=== Section Start ===

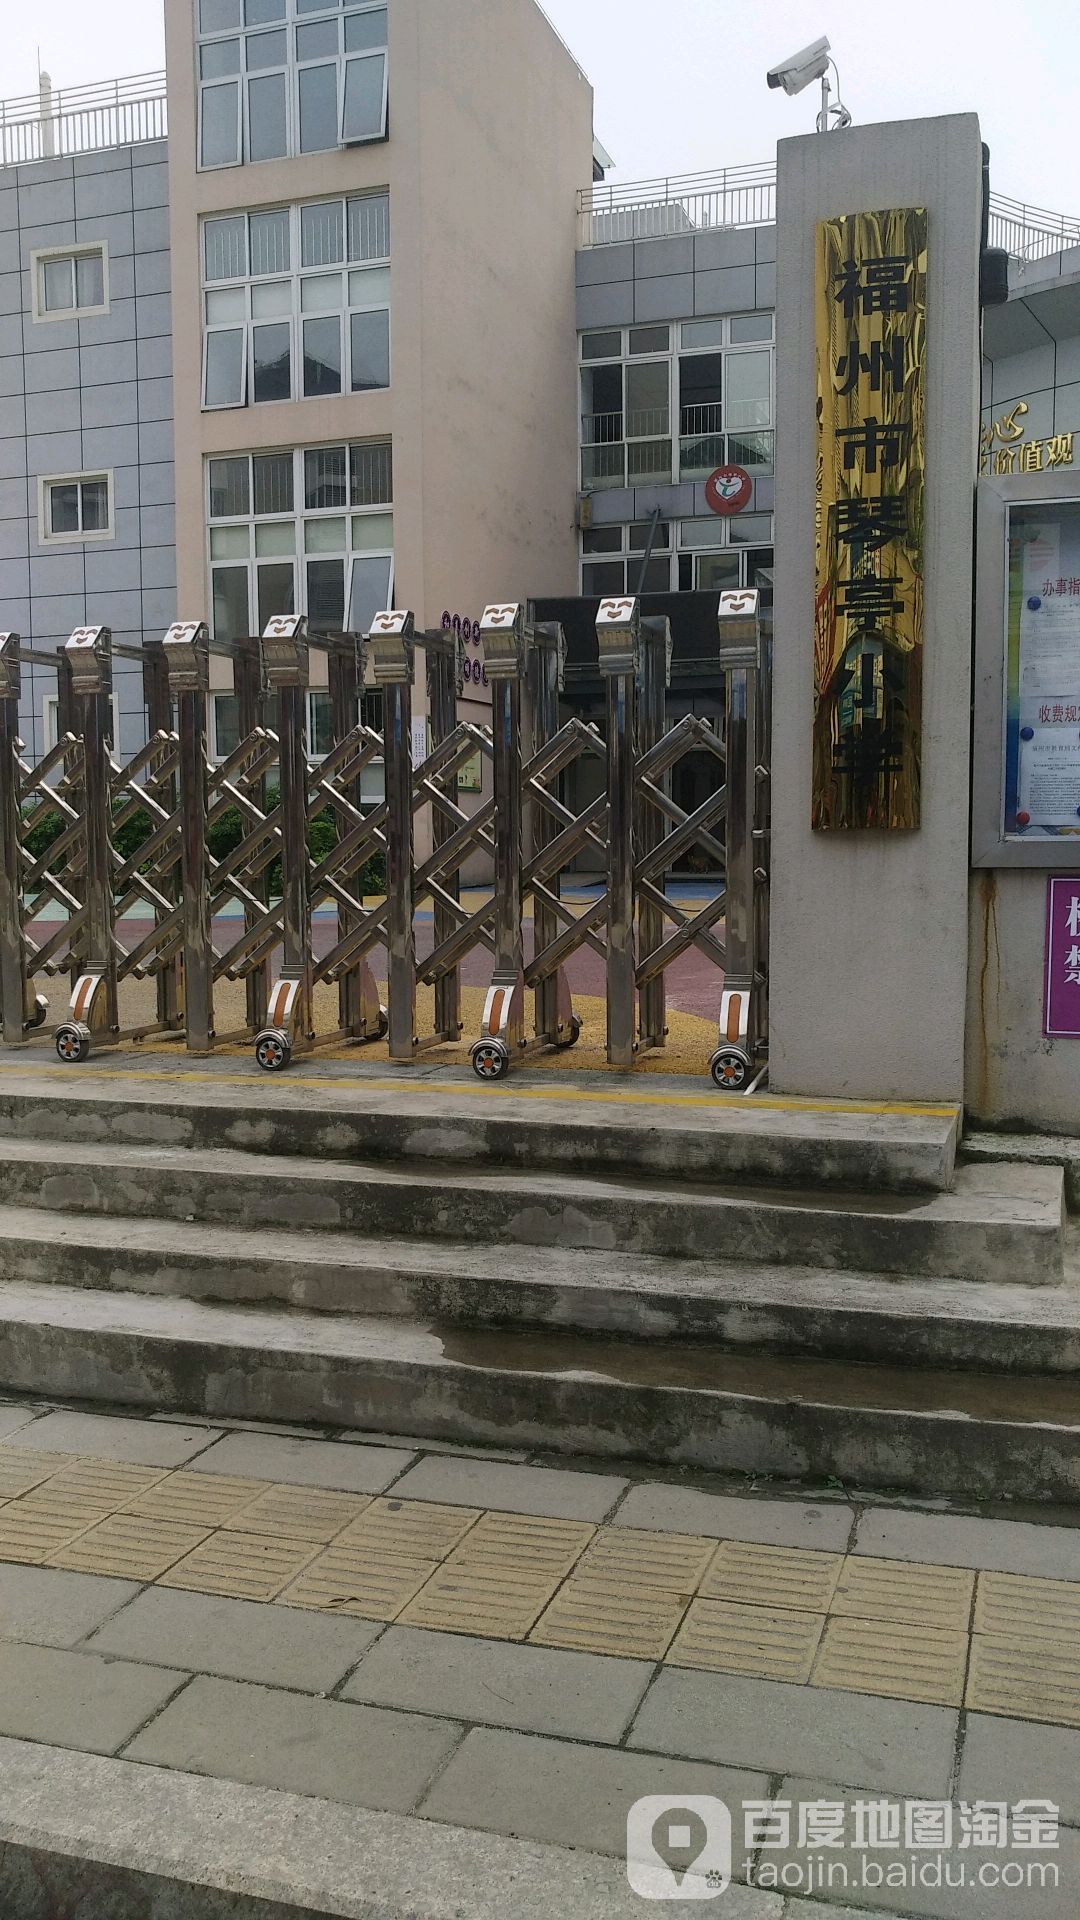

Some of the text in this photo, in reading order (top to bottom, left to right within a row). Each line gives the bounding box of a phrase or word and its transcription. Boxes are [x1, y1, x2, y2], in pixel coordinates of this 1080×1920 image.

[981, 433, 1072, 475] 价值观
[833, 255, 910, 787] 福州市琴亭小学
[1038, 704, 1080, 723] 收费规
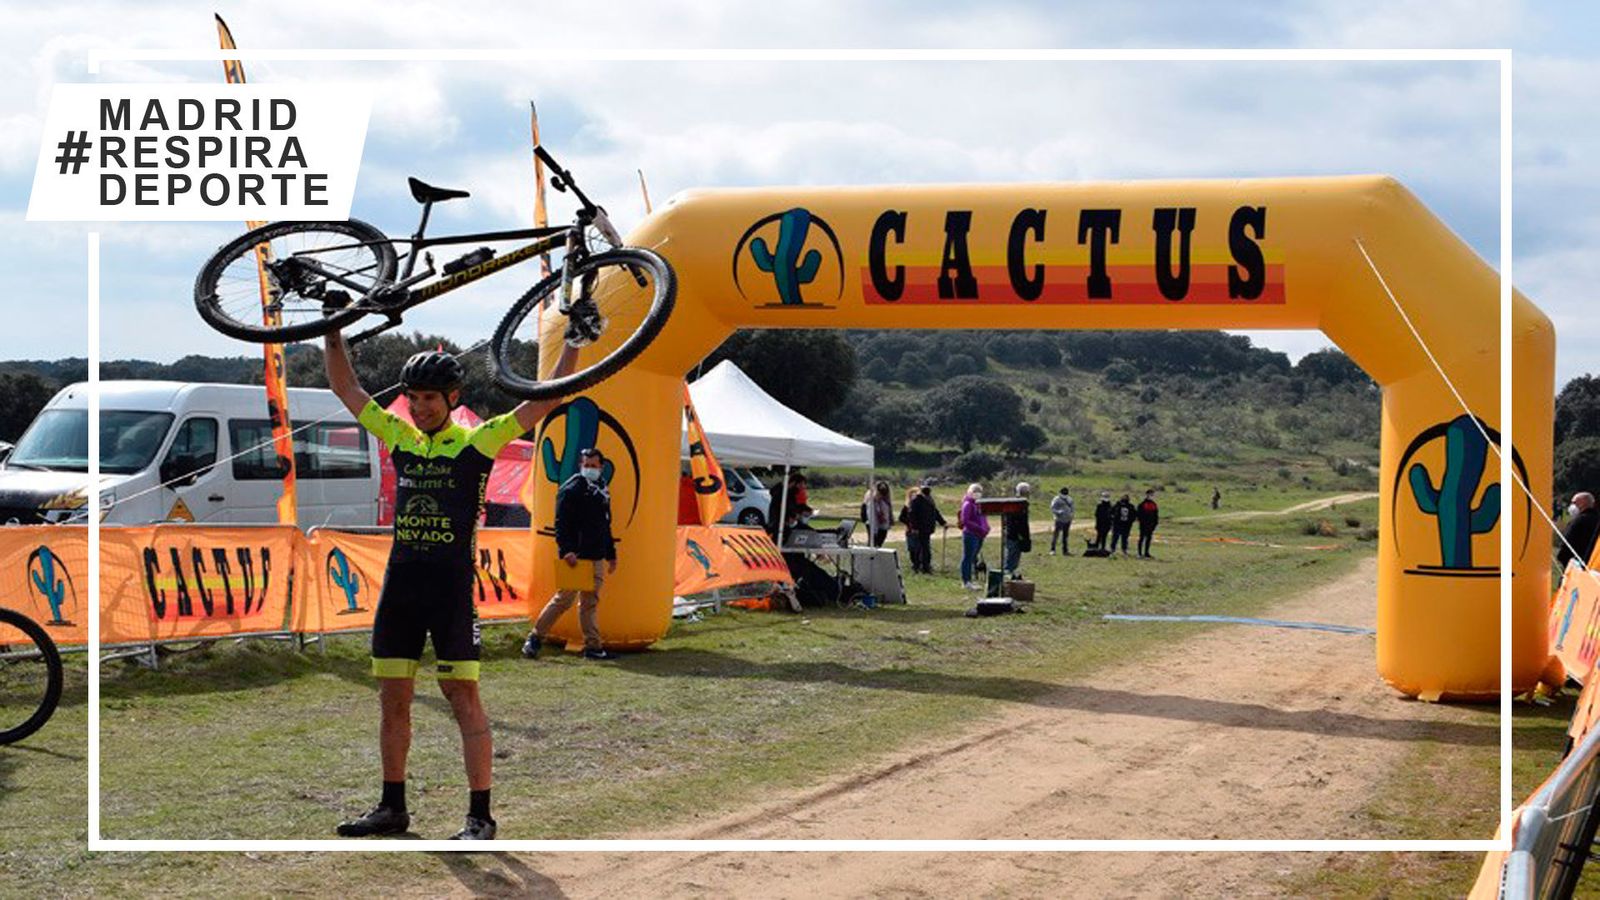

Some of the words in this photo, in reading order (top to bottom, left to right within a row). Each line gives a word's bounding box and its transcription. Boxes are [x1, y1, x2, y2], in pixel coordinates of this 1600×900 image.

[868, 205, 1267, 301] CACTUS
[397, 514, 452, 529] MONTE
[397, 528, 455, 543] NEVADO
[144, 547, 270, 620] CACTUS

=== Section End ===

* ACTION ITEM *
Reproduce the listing above exactly, excluding all pictures.

* TASK RESULT *
Some of the text in this photo, in reading order (top to bottom, left to right within a row). Each line gives the bounding box of a phrase or word and its transcription. Boxes are [x1, y1, x2, y2], in pixel coordinates of this 1080×1920 image.

[981, 433, 1072, 475] 价值观
[833, 255, 910, 787] 福州市琴亭小学
[1038, 704, 1080, 723] 收费规

Some of the words in this photo, in reading order (top to bottom, left to right within a row). Each line gives a word's bounding box and its transcription. Boxes are [x1, y1, x2, y2], in pixel coordinates of this 1600×900 image.

[868, 205, 1267, 301] CACTUS
[397, 514, 452, 529] MONTE
[397, 528, 455, 543] NEVADO
[144, 547, 270, 620] CACTUS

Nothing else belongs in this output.